## [EXTRACTED MATERIAL]
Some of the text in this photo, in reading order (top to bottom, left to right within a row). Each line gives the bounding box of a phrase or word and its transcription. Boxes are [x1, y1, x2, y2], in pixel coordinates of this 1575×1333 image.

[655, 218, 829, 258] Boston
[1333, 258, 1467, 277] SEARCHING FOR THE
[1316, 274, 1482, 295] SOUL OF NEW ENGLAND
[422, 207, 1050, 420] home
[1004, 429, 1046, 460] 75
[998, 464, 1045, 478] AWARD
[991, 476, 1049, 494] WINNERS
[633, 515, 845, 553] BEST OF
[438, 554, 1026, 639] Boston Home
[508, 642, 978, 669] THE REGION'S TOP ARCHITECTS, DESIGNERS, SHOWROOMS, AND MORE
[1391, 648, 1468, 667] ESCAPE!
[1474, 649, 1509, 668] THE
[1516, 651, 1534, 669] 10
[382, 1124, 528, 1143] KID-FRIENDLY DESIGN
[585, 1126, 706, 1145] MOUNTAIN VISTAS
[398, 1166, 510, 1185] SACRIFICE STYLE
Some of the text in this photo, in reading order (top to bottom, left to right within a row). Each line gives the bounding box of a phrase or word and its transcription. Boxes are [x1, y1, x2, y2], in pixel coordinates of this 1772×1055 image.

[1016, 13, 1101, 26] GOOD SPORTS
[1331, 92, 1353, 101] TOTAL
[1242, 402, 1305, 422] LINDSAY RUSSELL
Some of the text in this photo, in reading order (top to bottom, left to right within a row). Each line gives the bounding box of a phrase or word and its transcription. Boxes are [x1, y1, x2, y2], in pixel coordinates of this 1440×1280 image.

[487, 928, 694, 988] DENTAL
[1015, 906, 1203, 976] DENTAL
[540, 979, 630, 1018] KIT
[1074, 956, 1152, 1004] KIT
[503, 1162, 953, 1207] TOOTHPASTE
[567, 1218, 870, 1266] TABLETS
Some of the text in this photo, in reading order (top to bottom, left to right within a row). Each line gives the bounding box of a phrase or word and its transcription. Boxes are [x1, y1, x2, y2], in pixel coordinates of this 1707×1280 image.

## [TASK STATEMENT]
Line by line, reproduce the data exactly as given.

## [YOUR RESPONSE]
Some of the text in this photo, in reading order (top to bottom, left to right within a row). Each line gives the bounding box of a phrase or word and its transcription. Boxes are [x1, y1, x2, y2], in pixel coordinates of this 1575×1333 image.

[655, 218, 829, 258] Boston
[1333, 258, 1467, 277] SEARCHING FOR THE
[1316, 274, 1482, 295] SOUL OF NEW ENGLAND
[422, 207, 1050, 420] home
[1004, 429, 1046, 460] 75
[998, 464, 1045, 478] AWARD
[991, 476, 1049, 494] WINNERS
[633, 515, 845, 553] BEST OF
[438, 554, 1026, 639] Boston Home
[508, 642, 978, 669] THE REGION'S TOP ARCHITECTS, DESIGNERS, SHOWROOMS, AND MORE
[1391, 648, 1468, 667] ESCAPE!
[1474, 649, 1509, 668] THE
[1516, 651, 1534, 669] 10
[382, 1124, 528, 1143] KID-FRIENDLY DESIGN
[585, 1126, 706, 1145] MOUNTAIN VISTAS
[398, 1166, 510, 1185] SACRIFICE STYLE
Some of the text in this photo, in reading order (top to bottom, left to right within a row). Each line gives the bounding box of a phrase or word and its transcription. Boxes are [x1, y1, x2, y2], in pixel coordinates of this 1772×1055 image.

[1016, 13, 1101, 26] GOOD SPORTS
[1331, 92, 1353, 101] TOTAL
[1242, 402, 1305, 422] LINDSAY RUSSELL
Some of the text in this photo, in reading order (top to bottom, left to right within a row). Each line gives the bounding box of a phrase or word and its transcription. Boxes are [x1, y1, x2, y2], in pixel coordinates of this 1440×1280 image.

[487, 928, 694, 988] DENTAL
[1015, 906, 1203, 976] DENTAL
[540, 979, 630, 1018] KIT
[1074, 956, 1152, 1004] KIT
[503, 1162, 953, 1207] TOOTHPASTE
[567, 1218, 870, 1266] TABLETS
Some of the text in this photo, in reading order (top to bottom, left to right within a row). Each line gives the bounding box of a phrase or word and its transcription. Boxes are [x1, y1, x2, y2], in pixel coordinates of this 1707×1280 image.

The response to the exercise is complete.